Dr. Victor Frankenstein may be an early literary example of the “mad scientist” character, but his obsession– and his experiments– were based on the real scientists making the news and gossip circles during the time when Mary Godwin Shelley put pen to paper.
The only difference is that Dr. Frankenstein succeeded in reanimating the dead.
As fascinating as that story is, it is eclipsed by the true stories of electricity experiments, dead bodies twitching, grave robbers, runaway lovers, dissections and murder… as well as the mind of the lady who created the Monster.
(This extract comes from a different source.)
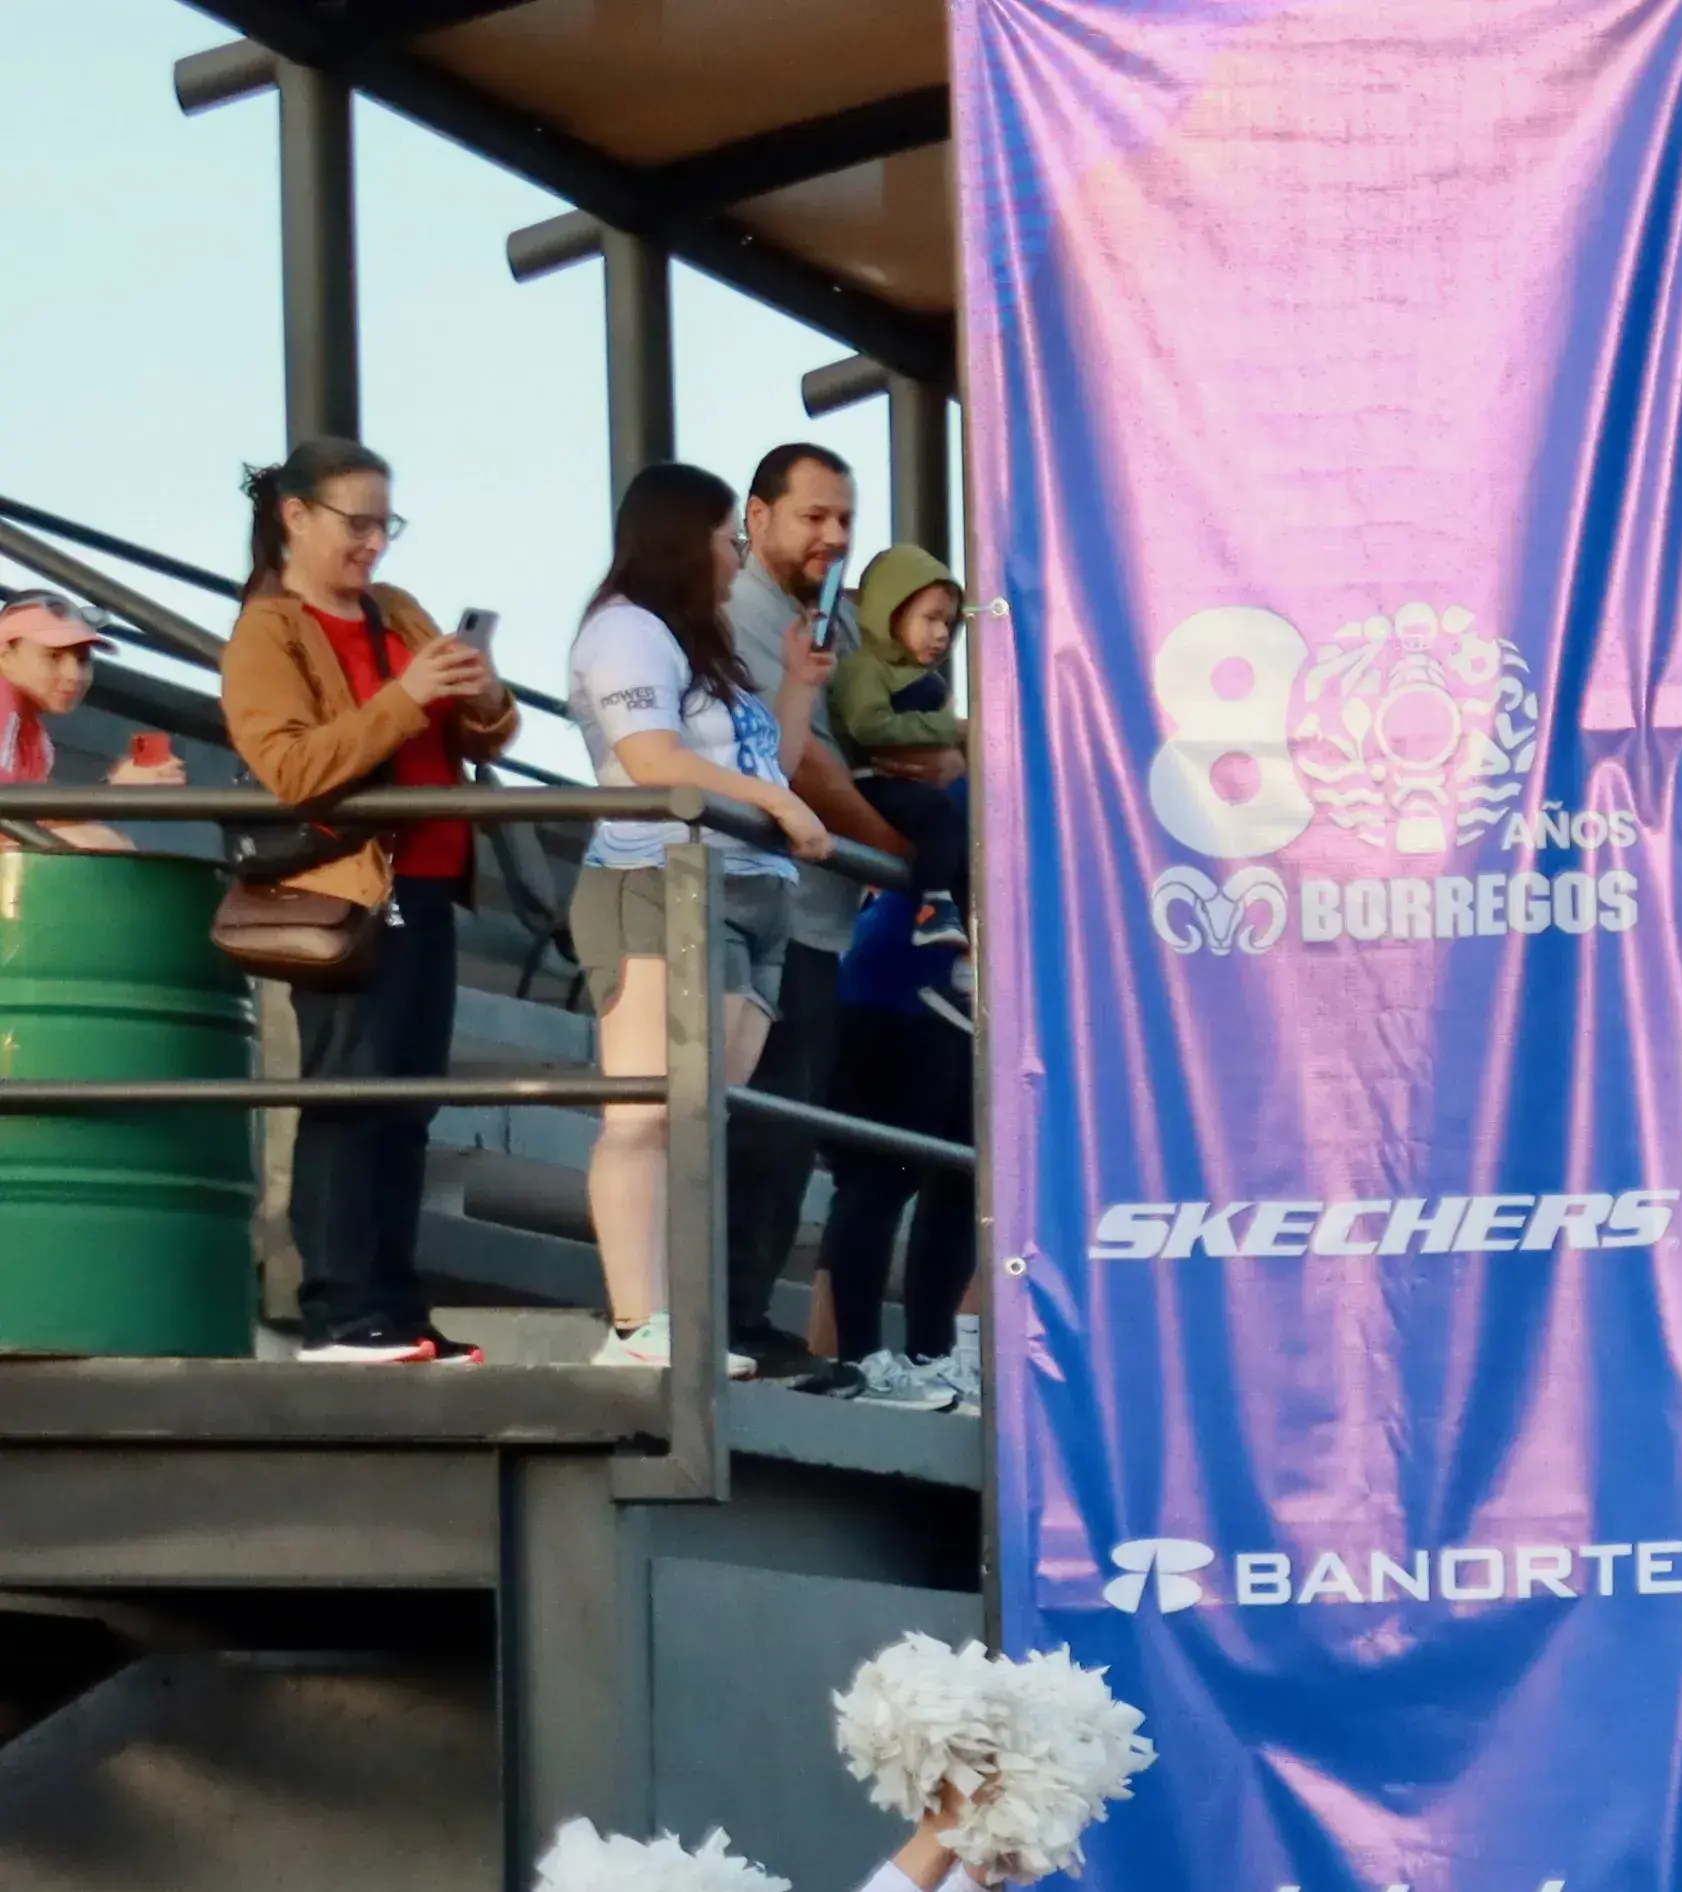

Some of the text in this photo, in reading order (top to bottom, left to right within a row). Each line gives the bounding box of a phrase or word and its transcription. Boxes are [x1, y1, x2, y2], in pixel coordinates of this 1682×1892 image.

[1502, 801, 1639, 851] AÑOS
[1302, 869, 1640, 943] BORREGOS
[1089, 1189, 1681, 1260] SKECHERS
Why is this on our bookshelf?
Some people could argue with me when I say that Frankenstein is a geeky book, but as a scientific horror novel, I argue that it is. If not, it has to be at least one of the geekiest books in the AP English/Classic Literature sets. Therefore, a book that explores more about the scientists who inspired the creation of Dr. Victor Frankenstein also deserves a place on our shelves.
Rating (4 stars)
I’ve read books that analyze and expand on famous works of literature before. In the kindest of terms, they can be dull. The Lady and Her Monsters was fast-paced and excited. I read it to learn about the early science experiments that inspired the book, but I also ended up being fascinated by the story of Mary Shelley as well.
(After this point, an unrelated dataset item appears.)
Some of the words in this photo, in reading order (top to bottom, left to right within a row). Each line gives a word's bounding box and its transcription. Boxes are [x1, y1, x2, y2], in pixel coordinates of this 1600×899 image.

Although I’ve read Frankenstein, I think its safe to say that readers only need a general idea of the book’s plot (you’ve seen Mel Brooks’ Young Frankenstein? Good enough) to enjoy the book.
Read this book:
if you are an aspiring Mad Scientist (or a pioneering horror writer) and need good role models.
Don't Read this book:
It’s Aliiiiiive! (If fresh corpses and grave robbers are likely to give you nightmares).
Once you're done, do this:
Watch Young Frankenstein again. Erm, I mean read that classic literary masterpiece, Frankenstein, or, The Modern Prometheus, of course.